I’ve been both attracted and repelled by an idea that’s gained traction in our culture: that whatever we are supposed to do should feel easy, as in ease-filled. There should be an ease about our choices, and if something is hard, it might not be the right thing for us.
I’ve always thought: What about the Civil Rights movement, and all the hard stuff people did to gain voting rights, to take their rightful place as full citizens? What about every social movement involving people making choices that revealed the truth and pressed for change? What if they’d espoused this philosophy of “ease”—where would our planet be now?
On the other hand, I love the idea of ease! I love the idea that our choices can fit us so thoroughly that our actions and expressions just flow.
Maybe that’s because it’s taken me so long to get over the notion that whatever’s easy for me must not be worth doing. Must not be a gift at all.
Earlier this year a much-admired community organizer stunned me by cluing me in to my impact.
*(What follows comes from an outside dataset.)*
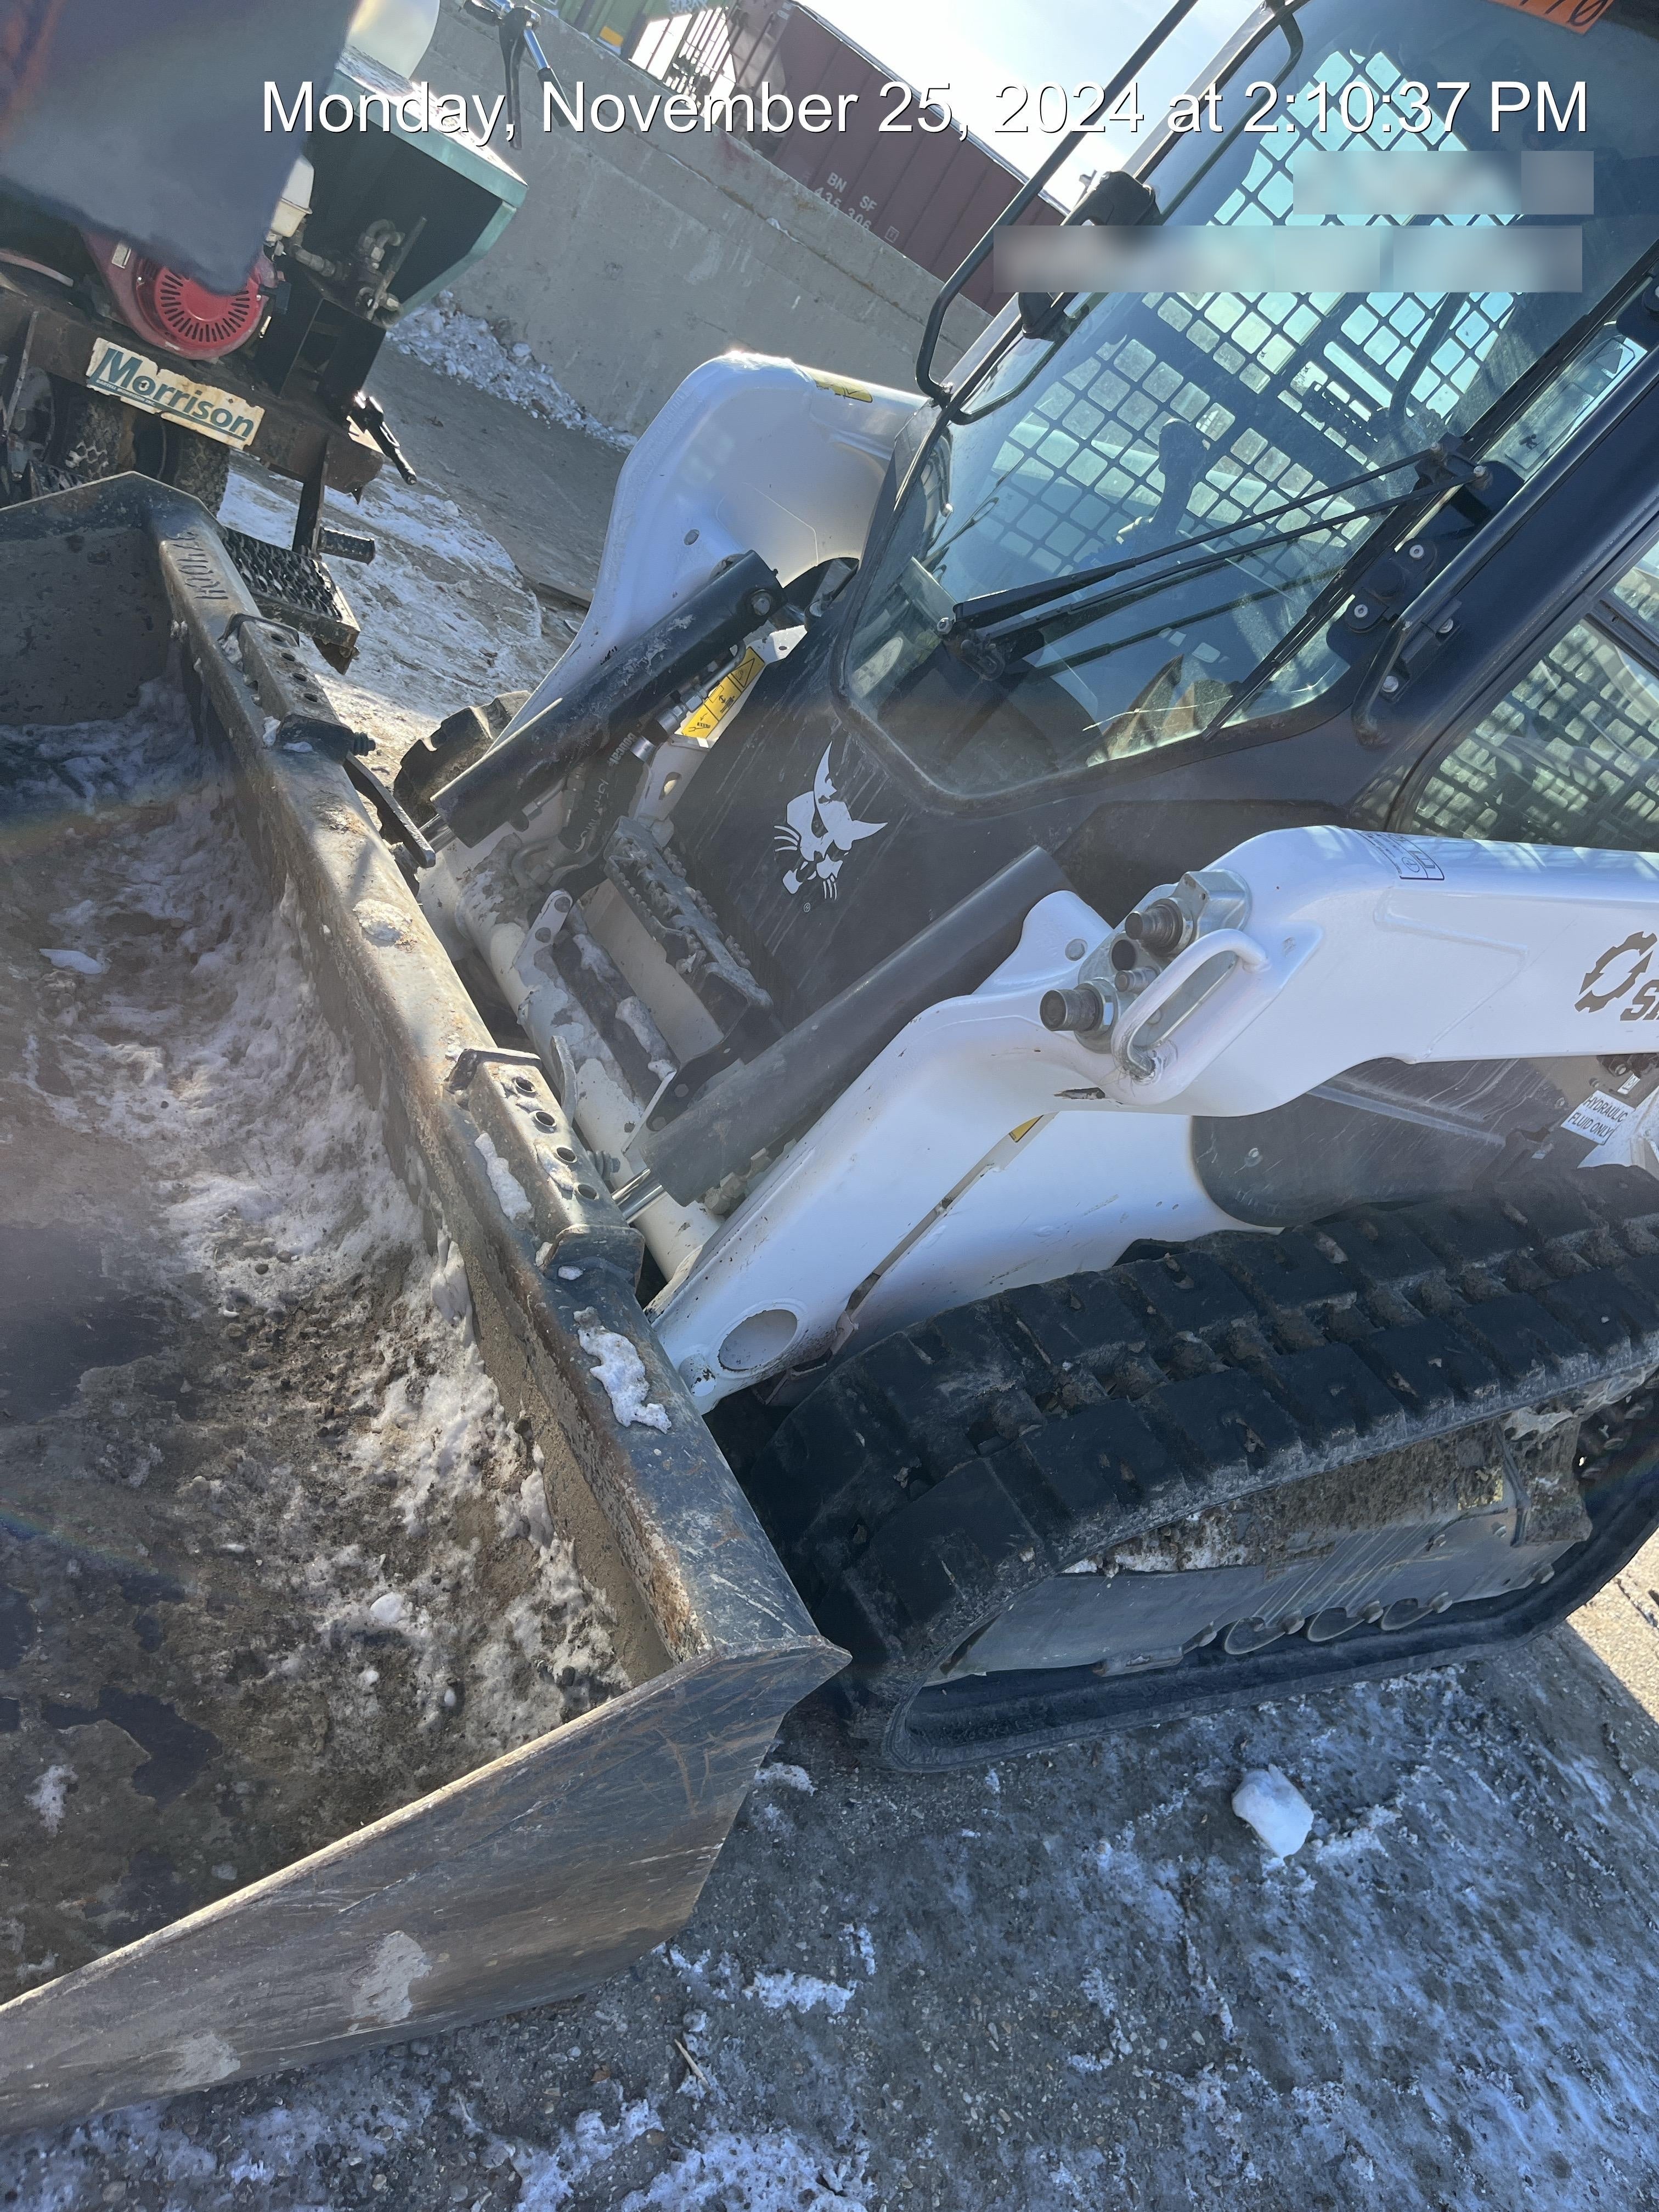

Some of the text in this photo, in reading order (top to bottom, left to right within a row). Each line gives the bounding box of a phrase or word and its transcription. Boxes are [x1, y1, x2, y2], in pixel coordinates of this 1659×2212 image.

Apparently all the stuff I do that comes naturally—reading, thinking deeply, caring, listening, offering insight and concern, connecting people—has helped his organization in ways I couldn’t even imagine.
Here I thought I was just sitting there being thinky/feely, not really “doing” anything.
It’s so easy to discount our native gifts and think we should do more or be different. As Pulitzer Prize winner Junot Diaz counseled a young writer asking how to find her audience: Do You.
So I am learning to follow ease in that regard, and not think that I must work against the grain to offer something of value. After all, the very things that come easy for me might be the hardest things for someone else. Why not play to our strengths?
However, I don’t believe that nothing we attempt should ever be difficult, or that we’re “doing it wrong” if we run into difficulties. I know that writing a book is hard. I know that showing up and being vulnerable is hard. I know that holding people accountable is really damn hard.
Some of these things, at various times and for various people, might be the exact next right thing, no matter how hard. We can tell if they are by keying into a sense of rightness deep in the marrow of our bones.
My new barometer is less about ease and more about alignment. So if something seems hard but still feels right? That’s the direction I need to go.